Выдвигая в качестве препятствия для любовников фигуру отца, Пушкин оставляет в стороне другую, казалось бы, гораздо более выигрышную сюжетную линию (Мазепа – Мария – влюбленный в Марию молодой казак), намеченную, но не разработанную в поэме. Появившись в начале поэмы, Кочубей не отходит затем на второй план, а продолжает оставаться в центре событий наряду с другими главными действующими лицами – это позволяет предположить, что он важен Пушкину как самостоятельная в сюжетном и психологическом плане величина, а не только как вспомогательный персонаж. Уже начало поэмы представляет собой описание того, как «богат и славен Кочубей», чтобы затем антитетически обозначить то, что для него в мире имеет самую большую ценность, является сокровищем всей его жизни:

 
Но Кочубей богат и горд
Не долгогривыми конями,
Не златом, данью крымских орд,
Не родовыми хуторами.
Прекрасной дочерью своей
Гордится старый Кочубей.
 
[Пушкин, 4, 255].

Побег Марии, забывшей под влиянием Мазепы «и небо и закон» [Пушкин, 4, 264], из родного дома, беззаконное соединение ее с Мазепой превращает двух друзей и единомышленников во врагов; наметившееся же сюжетное их противостояние неожиданно обнаруживает сходство в характерах и самом поведении персонажей. Мстительность и коварство оказываются присущими Кочубею, кажется, не меньше, чем Мазепе: стремясь отплатить врагу, он выбирает не прямую схватку с обидчиком, а предательство и донос. Тем не менее поступки Кочубея не подвергаются осуждению, а авторские симпатии оказываются целиком на его стороне.
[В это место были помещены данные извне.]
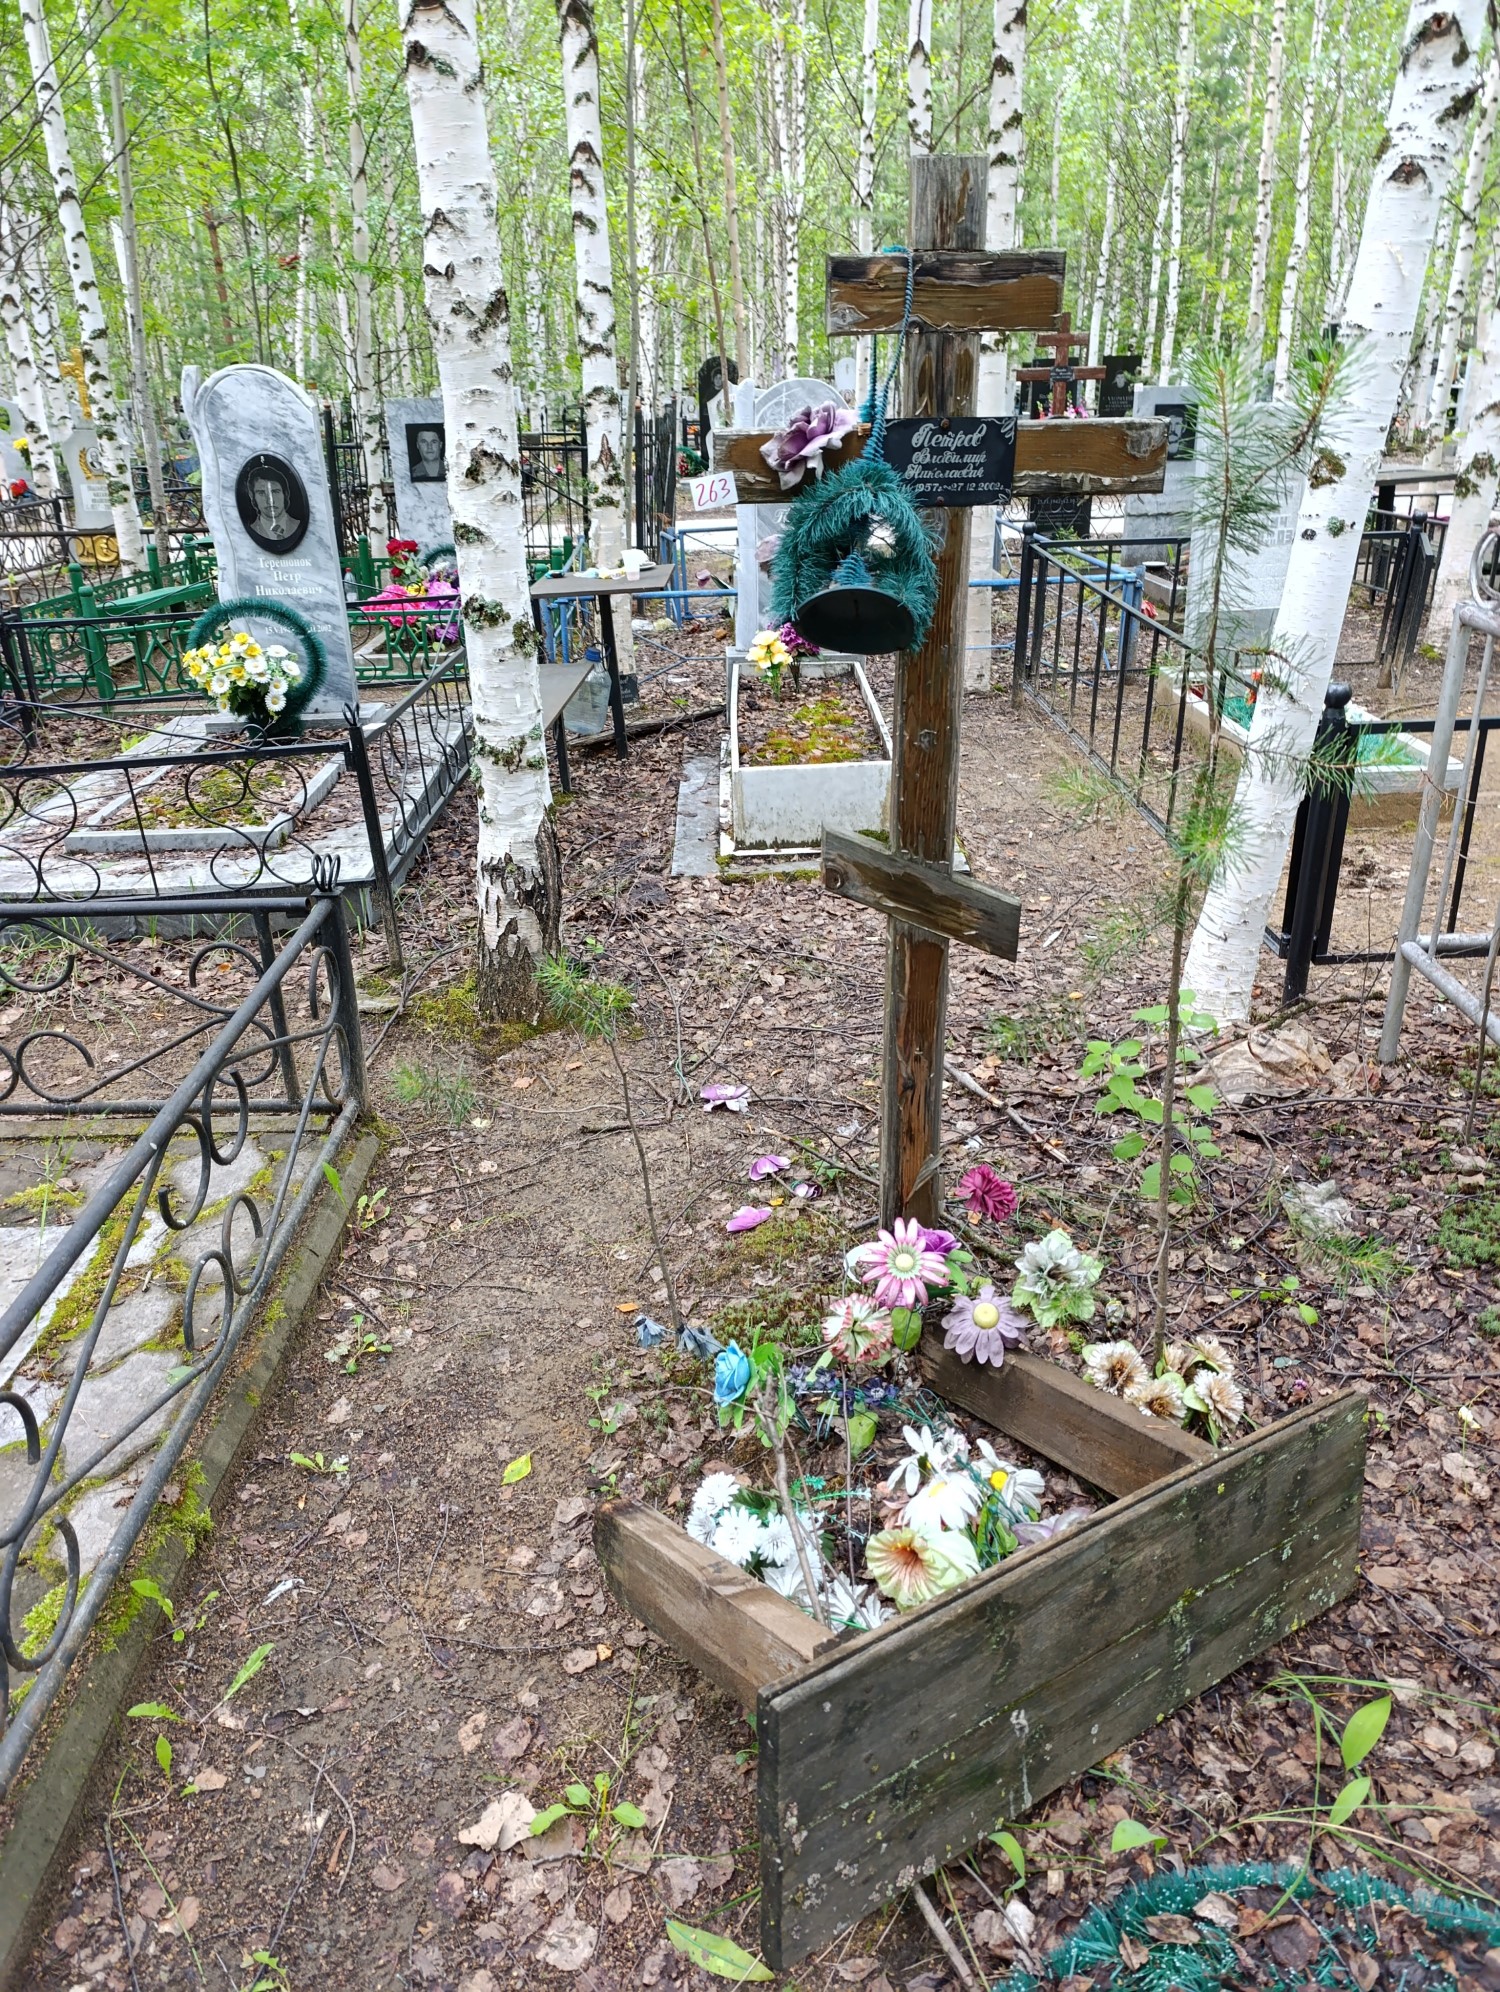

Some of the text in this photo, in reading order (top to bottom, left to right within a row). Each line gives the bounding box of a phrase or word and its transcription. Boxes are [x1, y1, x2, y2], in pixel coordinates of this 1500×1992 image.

Кочубей по натуре не изменник и не предатель, логика его действий по-человечески понятна: им движут не ревность или родительский эгоизм, не стремление уничтожить удачливого счастливца, не собственнический инстинкт, а естественное желание воздать врагу за свой позор. Поэтому не только самим героем, но и автором и читателями его поступки воспринимаются как «святая месть». Немаловажно также, что его внутренний мир, открывающийся читателю, не остается на протяжении событий застывшим и неизменным, а в его мировосприятии происходят огромные изменения. В душевной эволюции Кочубея можно отметить несколько этапов.

1. Лишившись в жизни всего, что составляло важнейшую ее ценность, потеряв самое главное свое сокровище, опозоренный, Кочубей решается на все, чтобы врага настигло справедливое возмездие.

2. Притворяясь смирившимся с происшедшим, он отказывается от прямого и открытого удара, избирая более изощренный способ – донос царю на врага.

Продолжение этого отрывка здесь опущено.